Understanding the parent-child relationship is huge when it comes to gaining insight into our family system issues. It affects the way we develop our attachment skills and relate to others. It affects the way we process our world physically, mentally, emotionally, spiritually, and even sexually. It is a key element to recognizing why we do what we do in relationships.
Research into the effects of parenting on the physical, social, and emotional development of a child date back to the early 1930s.59 The early parenting studies focused on only two factors: the quality of parent-child interactions (warmth) and the nature of parental discipline (control). However, in the mid-1960s, Diana Baumrind shifted the focus of her research, looking at the behavioral characteristics of children as the outcome of the way the child was parented. This was foundational in identifying three parenting styles.
Authoritarian parents require strict adherence to rigid rules.60 This creates a parent-child dynamic that is based on obedience and compliance, not on relationship.
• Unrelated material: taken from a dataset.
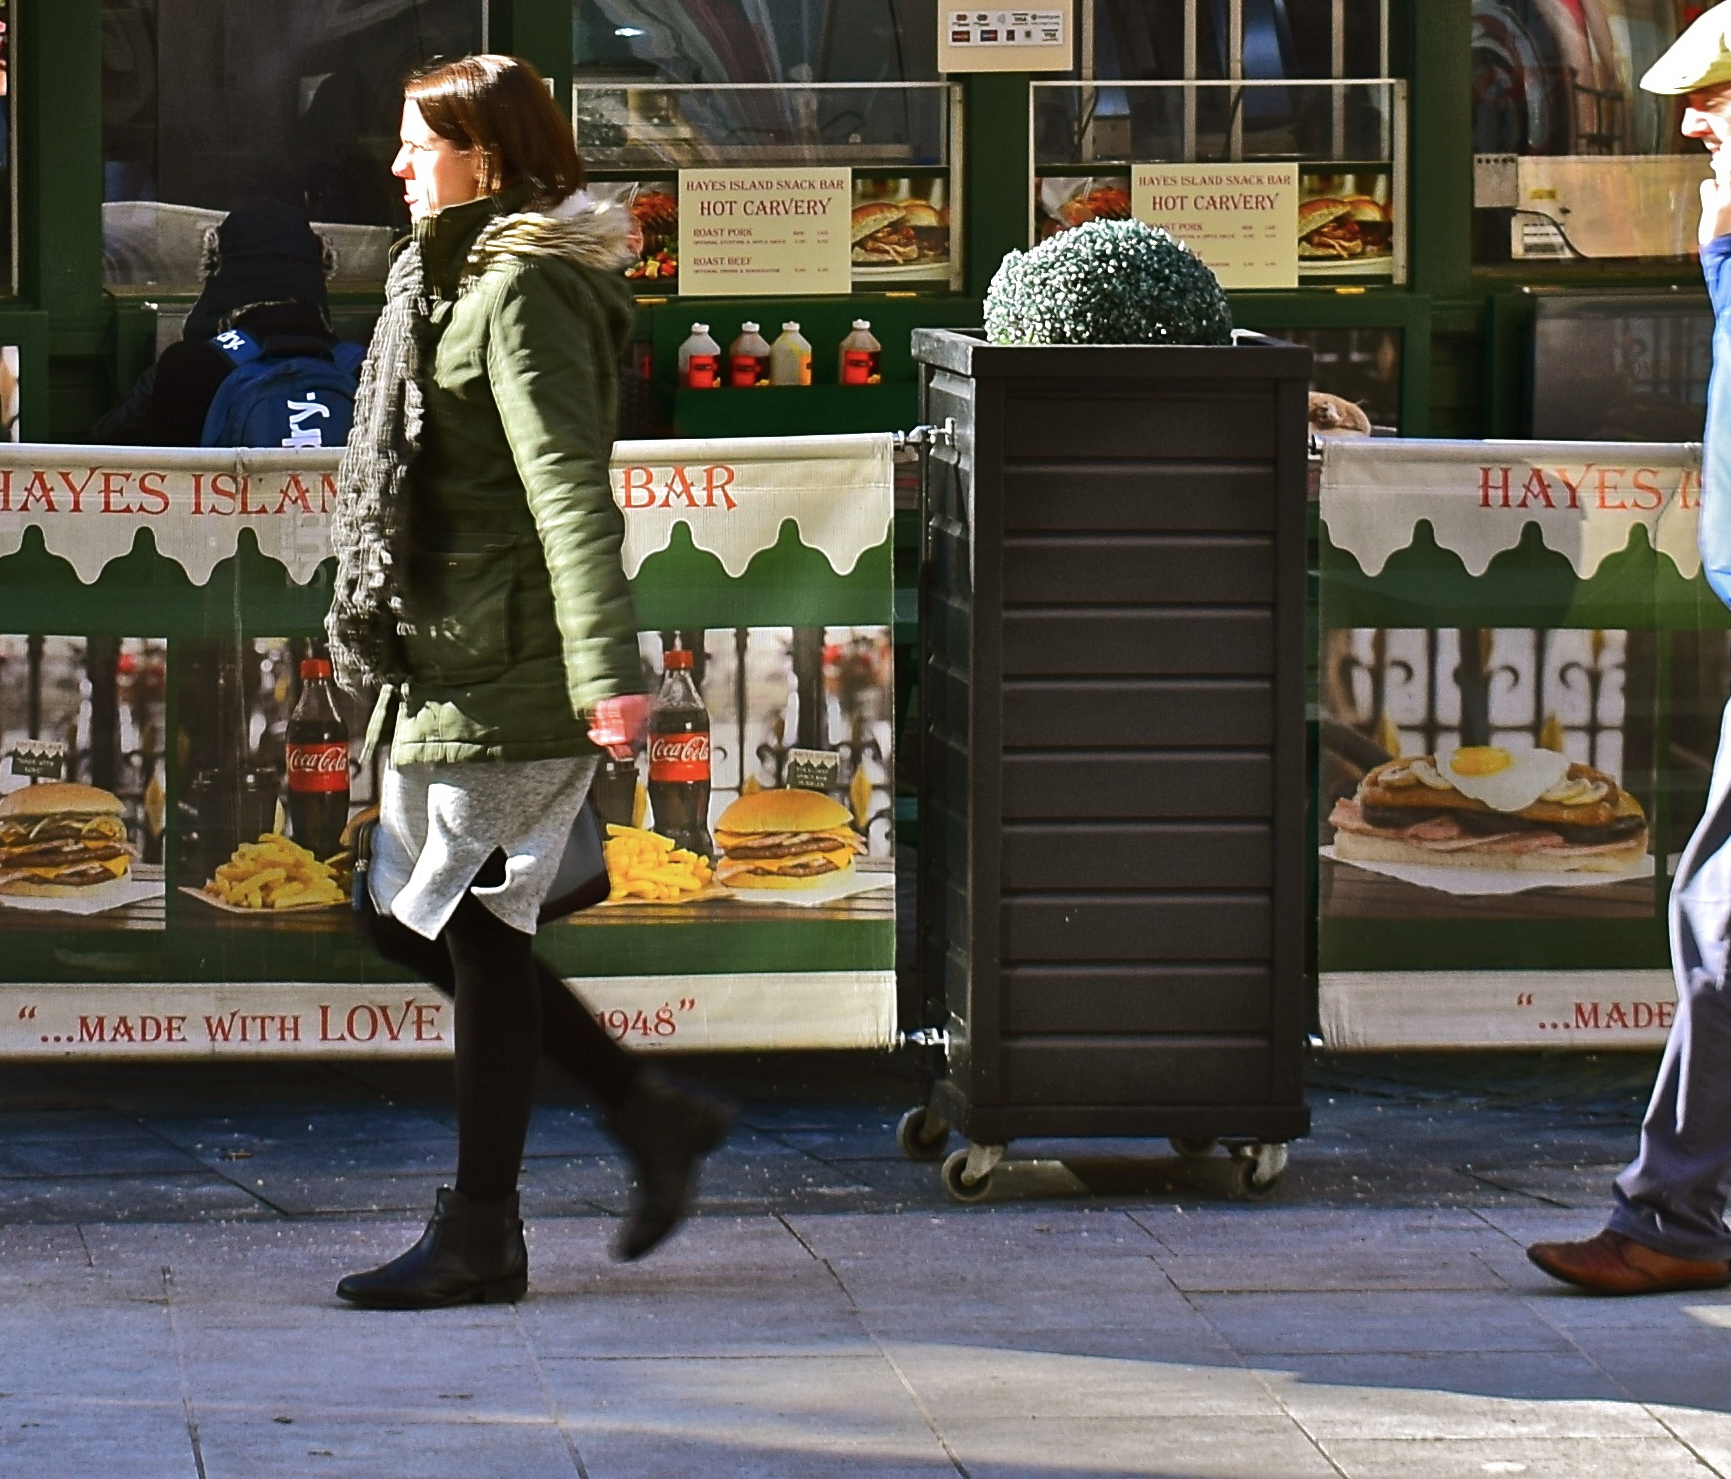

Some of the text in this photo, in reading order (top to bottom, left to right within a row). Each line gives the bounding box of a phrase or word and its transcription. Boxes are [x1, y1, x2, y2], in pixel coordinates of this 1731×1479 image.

Authoritarian parents have a commanding presence. They expect their children to not question authority, do as their told, and abide by the rules. They are quick to express their disappointment in their child’s behavior, but reluctant to give praise or recognition for any acceptable behavior.
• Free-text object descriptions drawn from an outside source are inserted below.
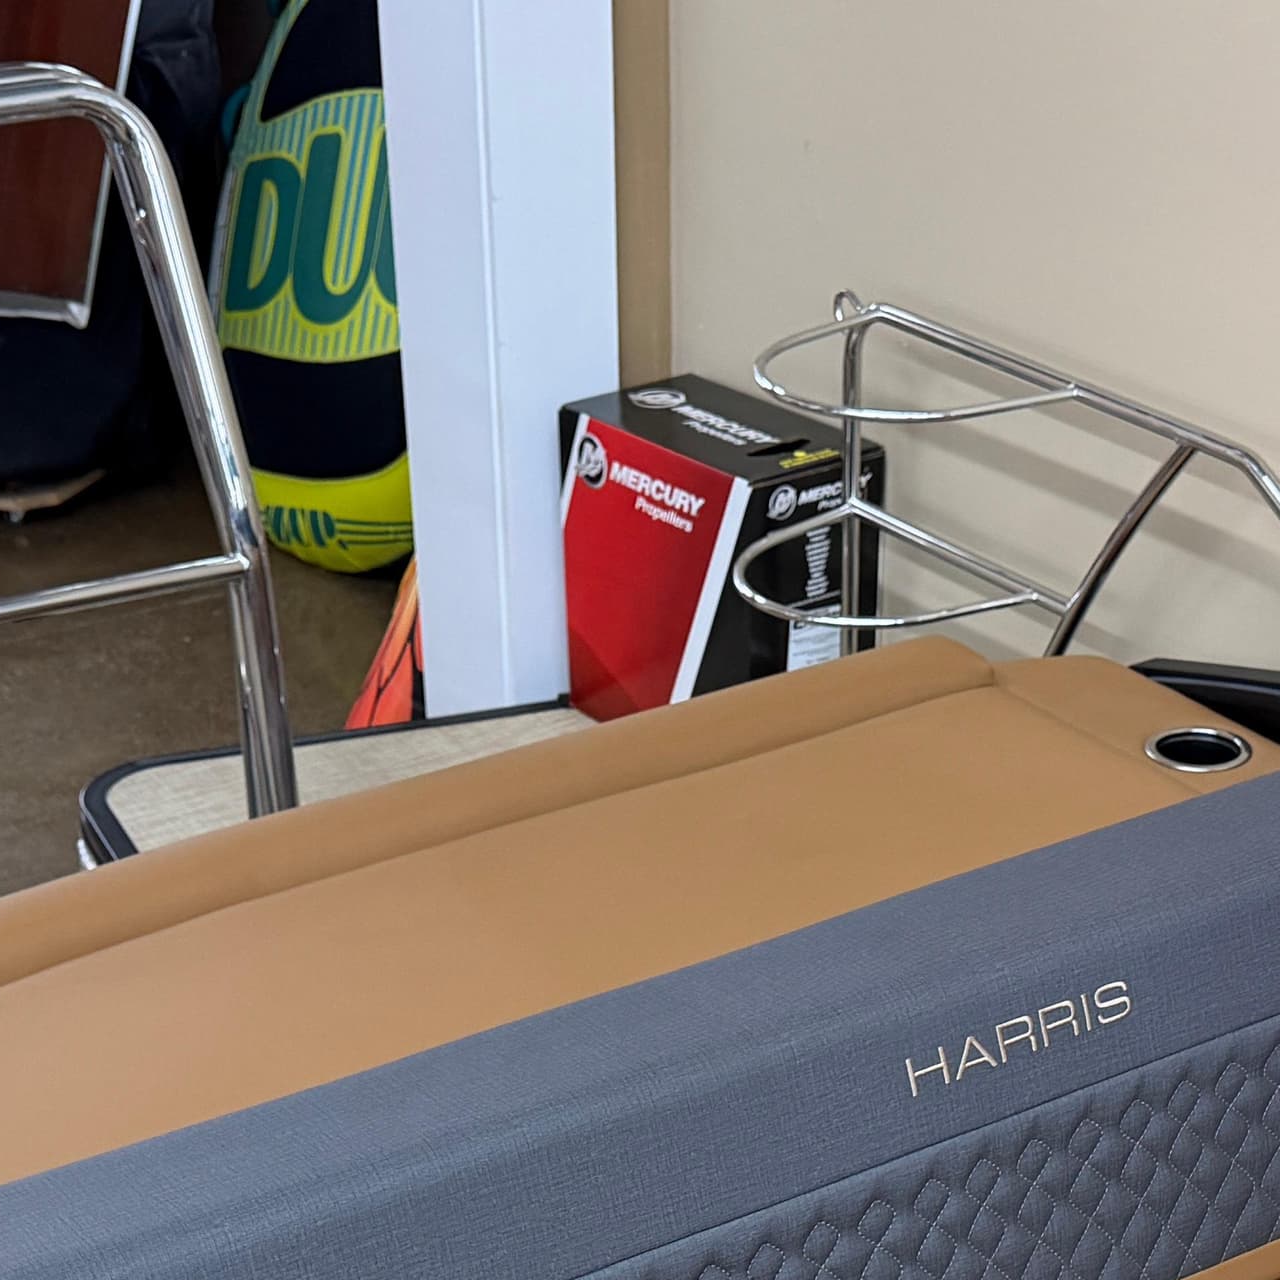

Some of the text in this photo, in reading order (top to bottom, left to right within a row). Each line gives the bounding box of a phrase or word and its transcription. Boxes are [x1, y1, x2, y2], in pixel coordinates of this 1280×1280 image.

[671, 405, 781, 443] MERCURY
[609, 461, 706, 517] MERCURY
[634, 496, 694, 533] Propellers
[904, 980, 1132, 1097] HARRIS
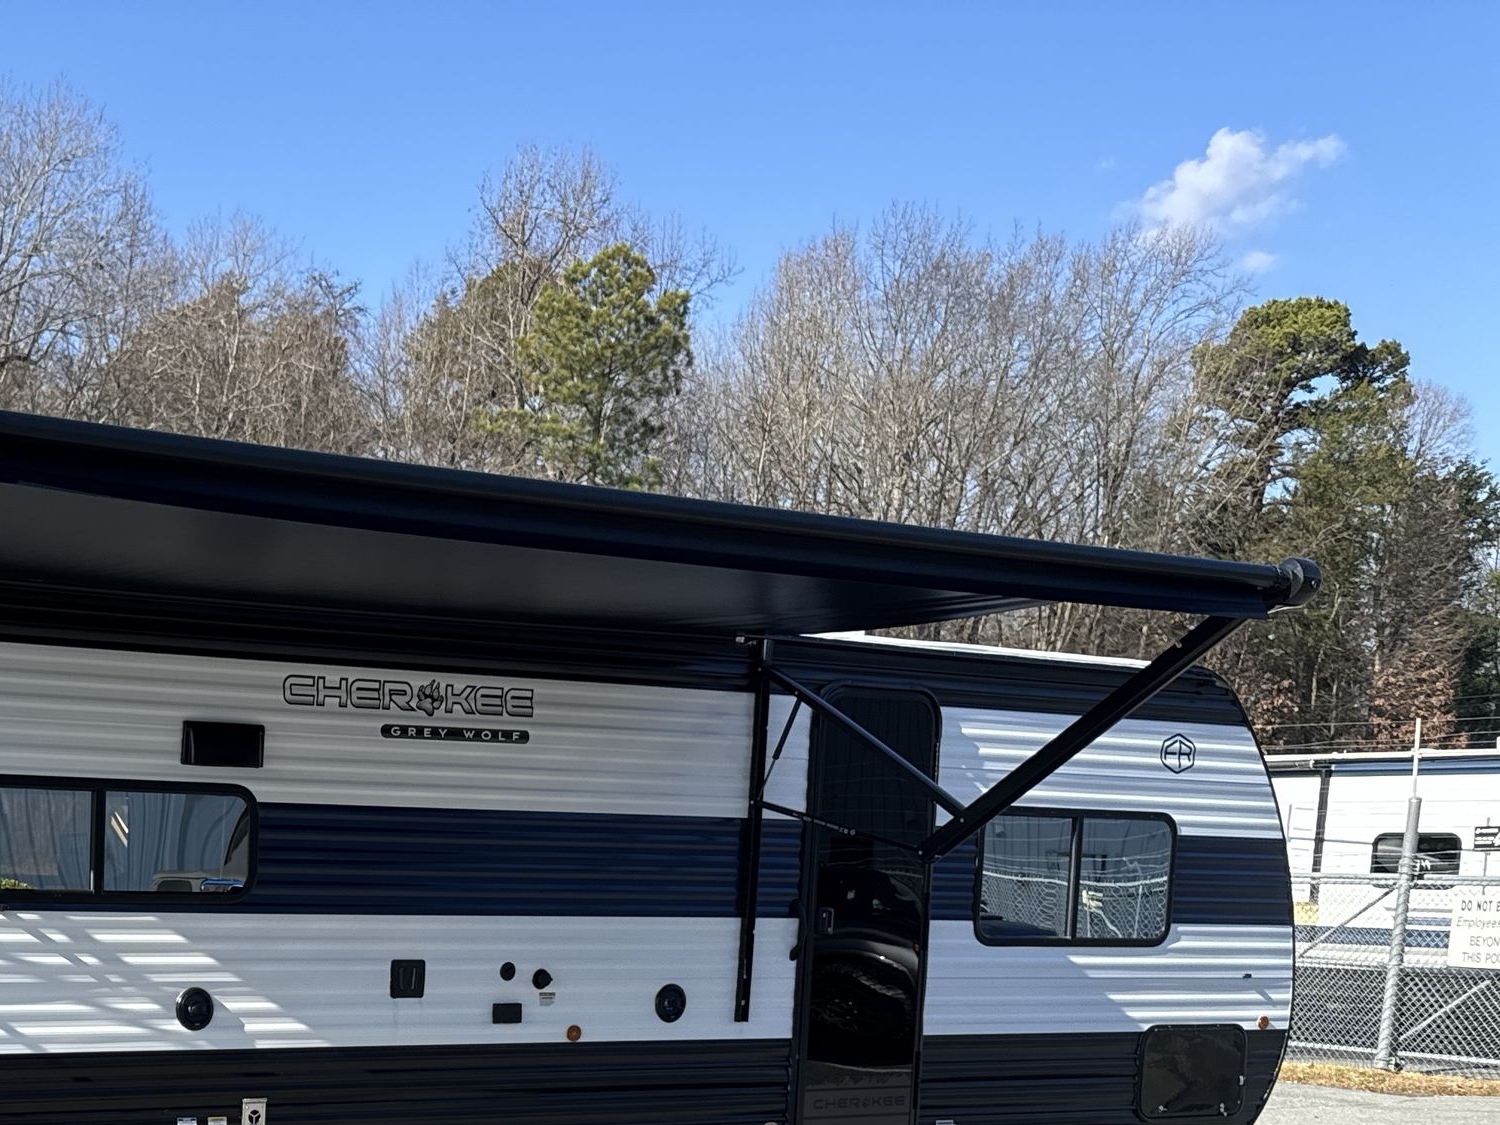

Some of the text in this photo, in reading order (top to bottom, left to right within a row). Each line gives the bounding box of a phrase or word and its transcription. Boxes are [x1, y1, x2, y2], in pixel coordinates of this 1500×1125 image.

[390, 726, 522, 742] GREY WOLF
[1461, 900, 1473, 911] DO
[1476, 900, 1493, 912] NOT
[1462, 952, 1481, 963] THIS
Permissive parents have few rules, give their children minimal responsibility, and do not hold their children accountable for their actions. Permissive parents provide little support, guidance, training, and discipline. Their children grow up with a lack of direction and purpose, and an unhealthy sense of entitlement. .
Authoritative parents communicate clear boundaries and guidance for behavior, built on a foundation of love and affection. They train their children through responsibility, accountability, and consistent support. They encourage their children to be independent thinkers and to make good decisions in a safe and caring environment. They create and cultivate relationship through healthy communication and respect.
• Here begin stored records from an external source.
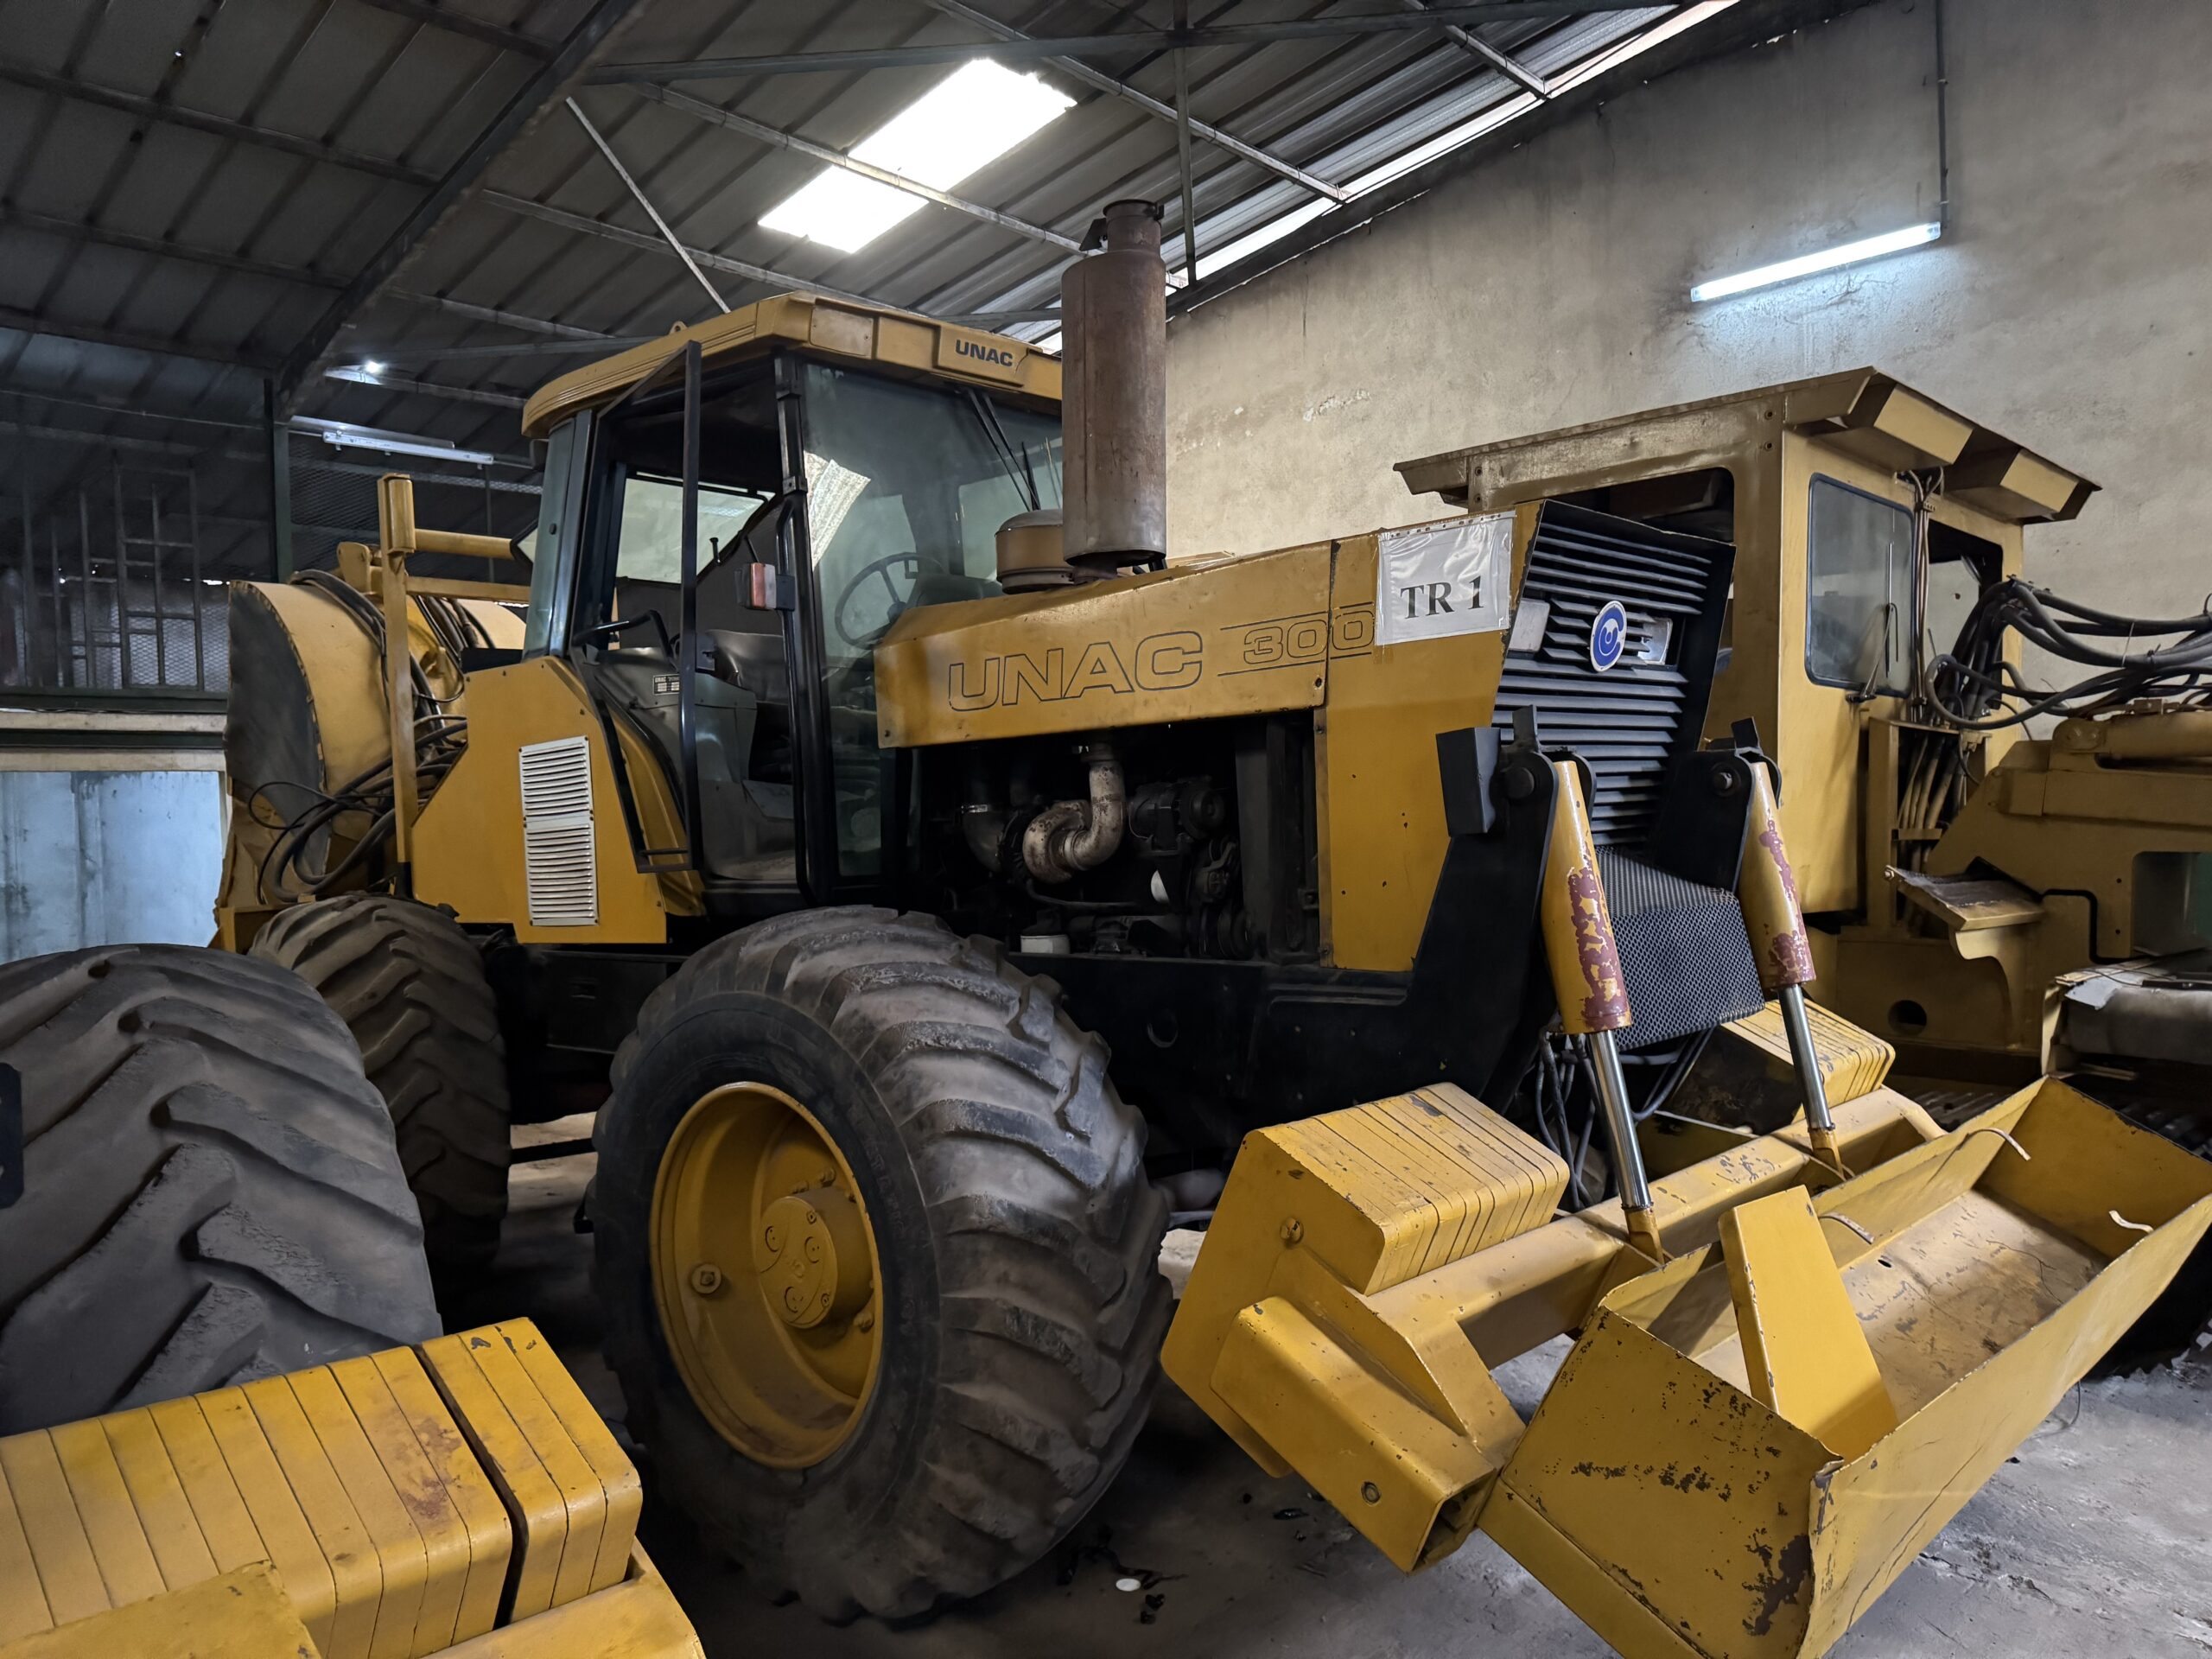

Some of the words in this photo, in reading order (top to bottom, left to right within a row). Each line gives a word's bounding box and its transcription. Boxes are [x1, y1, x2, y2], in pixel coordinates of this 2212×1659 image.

[956, 339, 1014, 367] UNAC
[1400, 582, 1455, 620] TR
[1467, 575, 1484, 610] 1
[948, 630, 1204, 712] UNAC
[1243, 610, 1376, 665] 300
In the early 1980s, a fourth parenting style was added.61 Uninvolved or neglectful parents attempt to meet their child’s basic needs of food and shelter, but rarely provide more than the minimal necessities. They offer little, if any, support, guidance, training, or discipline. They are unresponsive to the physical, social, and emotional needs of their children. Uninvolved or neglectful parents tend to be indifferent toward their children and non-existent in their children’s lives.
I felt the enormous weight of shame and embarrassment as I sat around the table with eight other women. I was new to this church and only agreed to attend the women’s conference because a friend paid my way. If I had known that I might have to talk about my childhood, I never would have agreed to attend.
The main speaker was engaging and spoke empathetically about how our childhood environment can play a significant role in shaping our perspective and impacting our decisions. I knew this too well. I was 26 years old, married and divorced, and had two children that were given up for adoption at birth. My past was sprinkled with promiscuous sex, drug use, unemployment, and abortions.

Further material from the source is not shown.